[DATA SUPPLIED Boundary: Start]
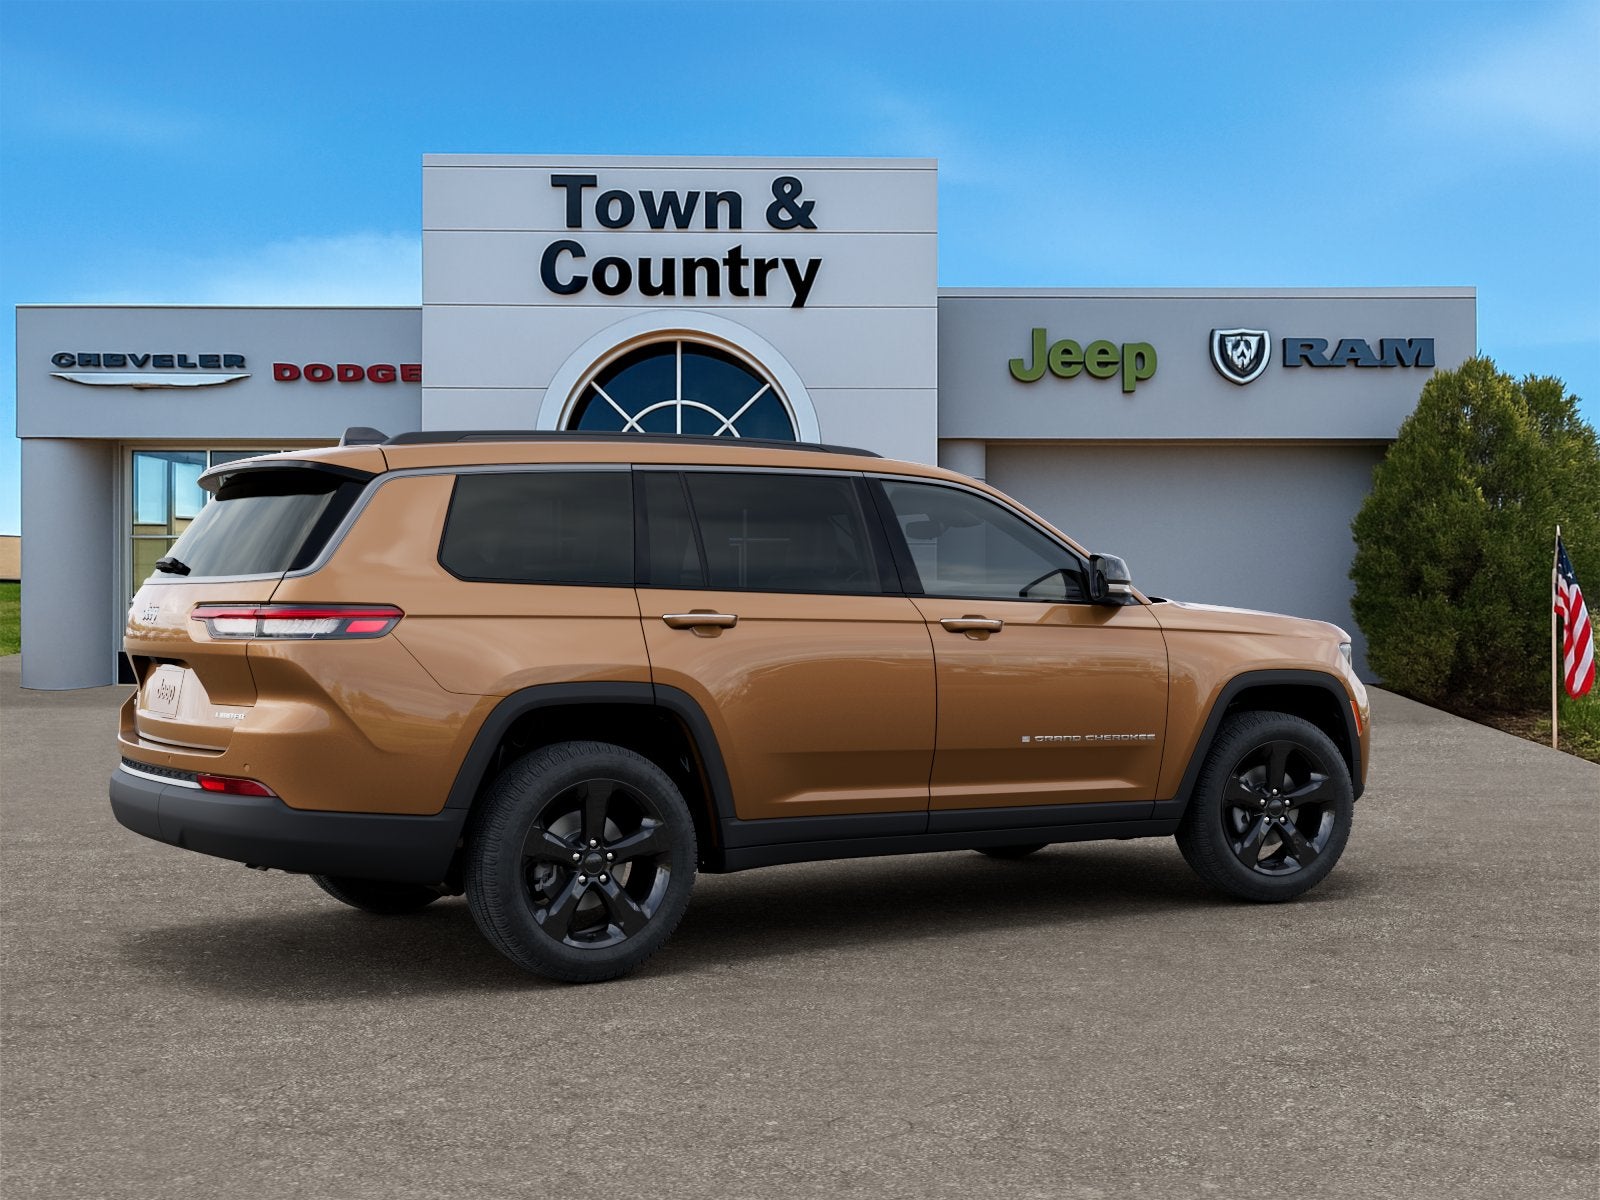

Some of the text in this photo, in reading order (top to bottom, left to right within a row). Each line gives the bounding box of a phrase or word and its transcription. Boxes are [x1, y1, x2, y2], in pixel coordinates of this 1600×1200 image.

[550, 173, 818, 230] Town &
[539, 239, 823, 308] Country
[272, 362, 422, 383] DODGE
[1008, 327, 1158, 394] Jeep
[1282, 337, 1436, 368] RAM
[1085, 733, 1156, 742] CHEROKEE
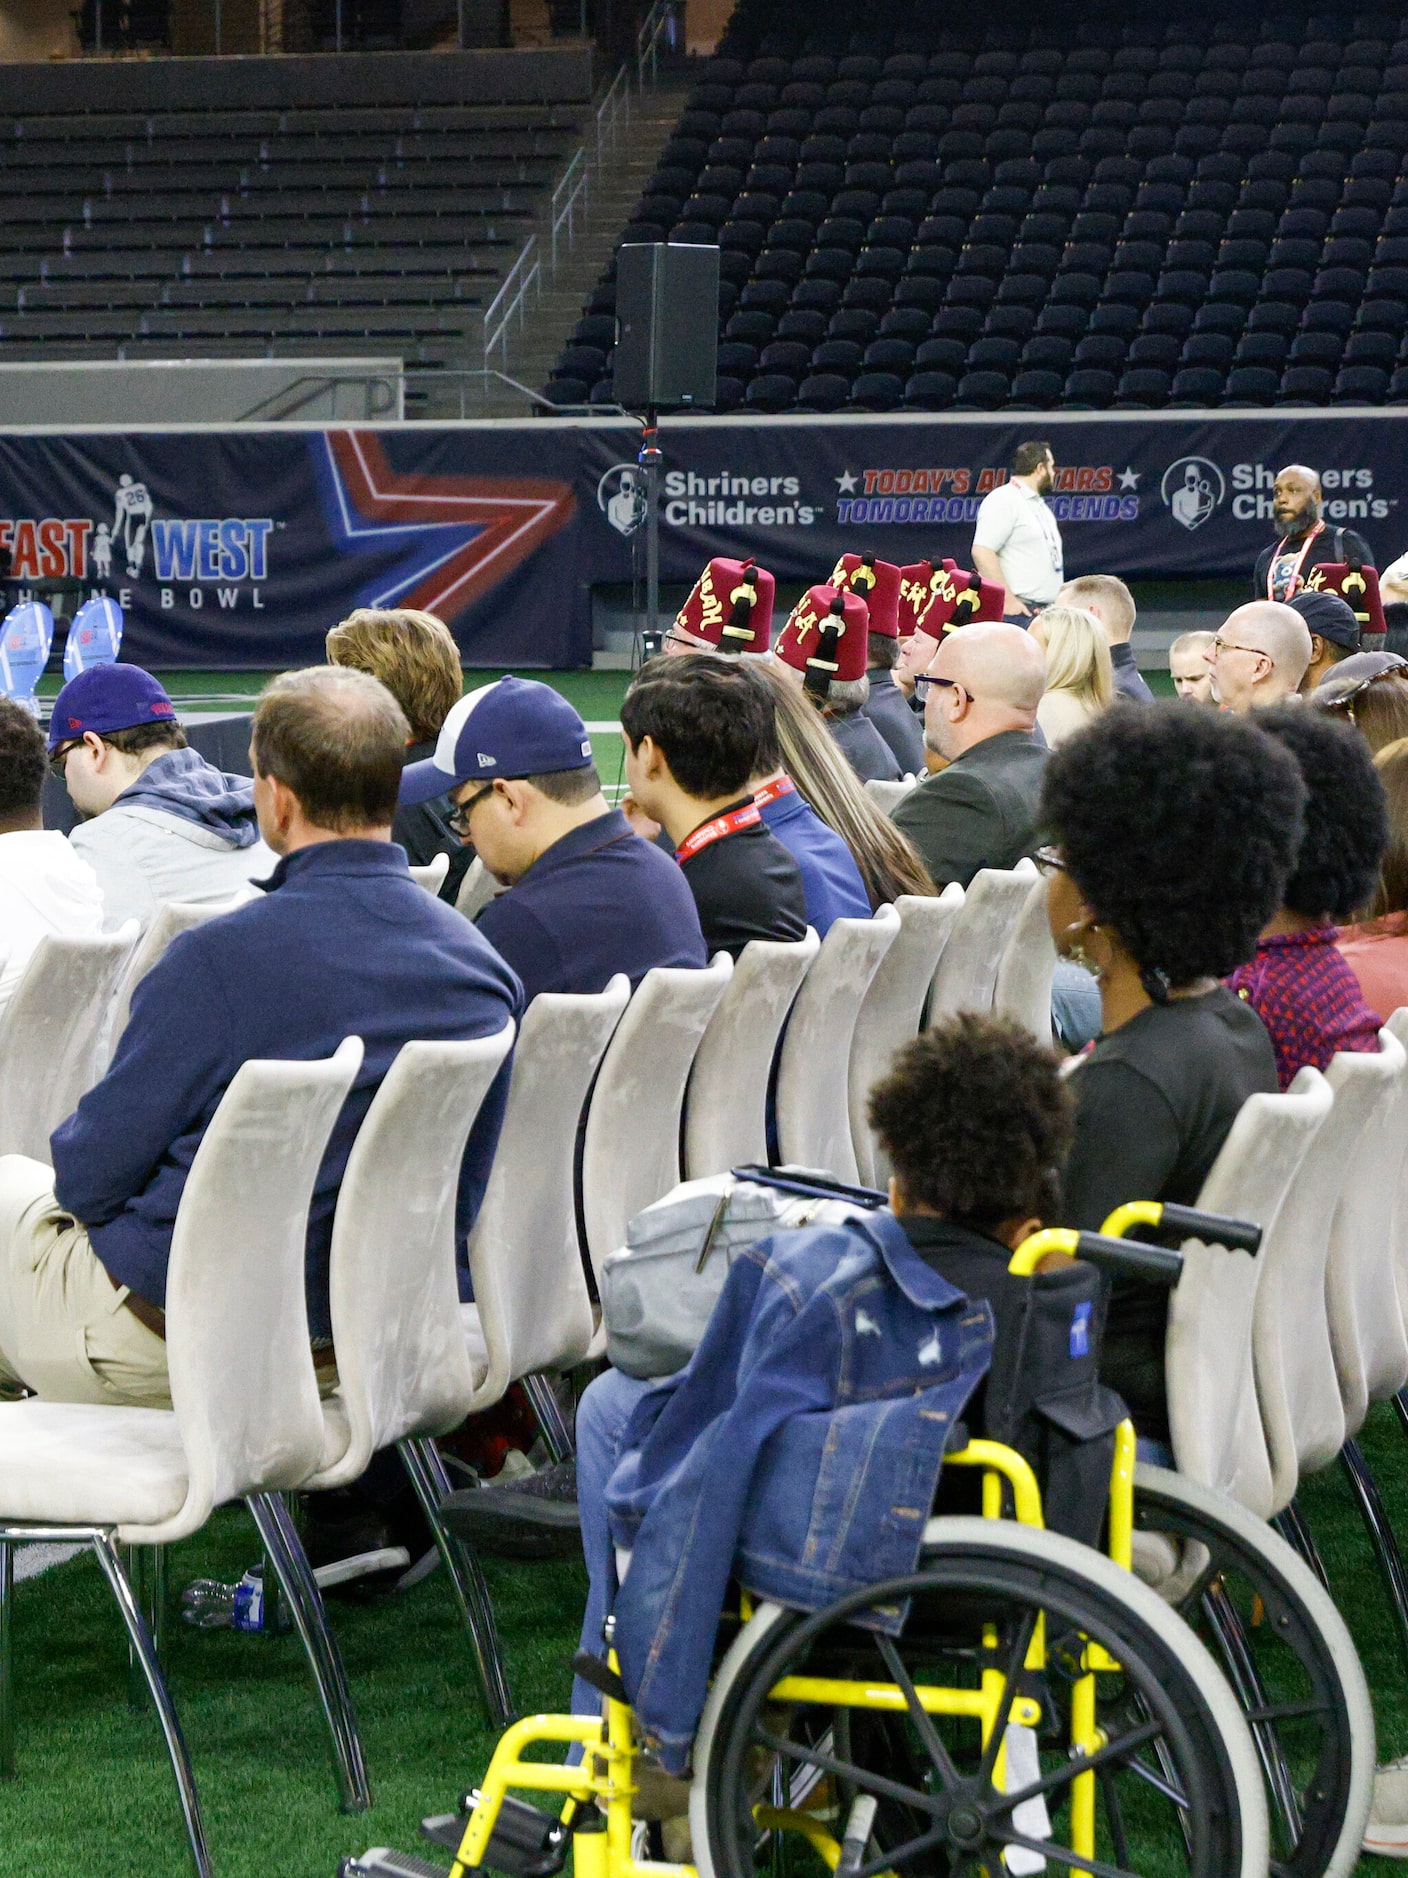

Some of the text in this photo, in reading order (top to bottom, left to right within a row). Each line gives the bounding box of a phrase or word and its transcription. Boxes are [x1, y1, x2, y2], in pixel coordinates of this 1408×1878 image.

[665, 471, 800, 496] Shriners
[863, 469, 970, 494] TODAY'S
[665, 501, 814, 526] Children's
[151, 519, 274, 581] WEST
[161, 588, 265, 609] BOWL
[DATA SUPPLIED Boundary: End]
▶ **YOUR TASK**
Repeat each entry above exactly. Omit the pictures.

▶ **TASK RESULT**
Some of the text in this photo, in reading order (top to bottom, left to right within a row). Each line gives the bounding box of a phrase or word and its transcription. Boxes are [x1, y1, x2, y2], in pixel coordinates of this 1600×1200 image.

[550, 173, 818, 230] Town &
[539, 239, 823, 308] Country
[272, 362, 422, 383] DODGE
[1008, 327, 1158, 394] Jeep
[1282, 337, 1436, 368] RAM
[1085, 733, 1156, 742] CHEROKEE

Some of the text in this photo, in reading order (top to bottom, left to right within a row). Each line gives the bounding box of a phrase or word and its transcription. Boxes are [x1, y1, x2, y2], in pixel coordinates of this 1408×1878 image.

[665, 471, 800, 496] Shriners
[863, 469, 970, 494] TODAY'S
[665, 501, 814, 526] Children's
[151, 519, 274, 581] WEST
[161, 588, 265, 609] BOWL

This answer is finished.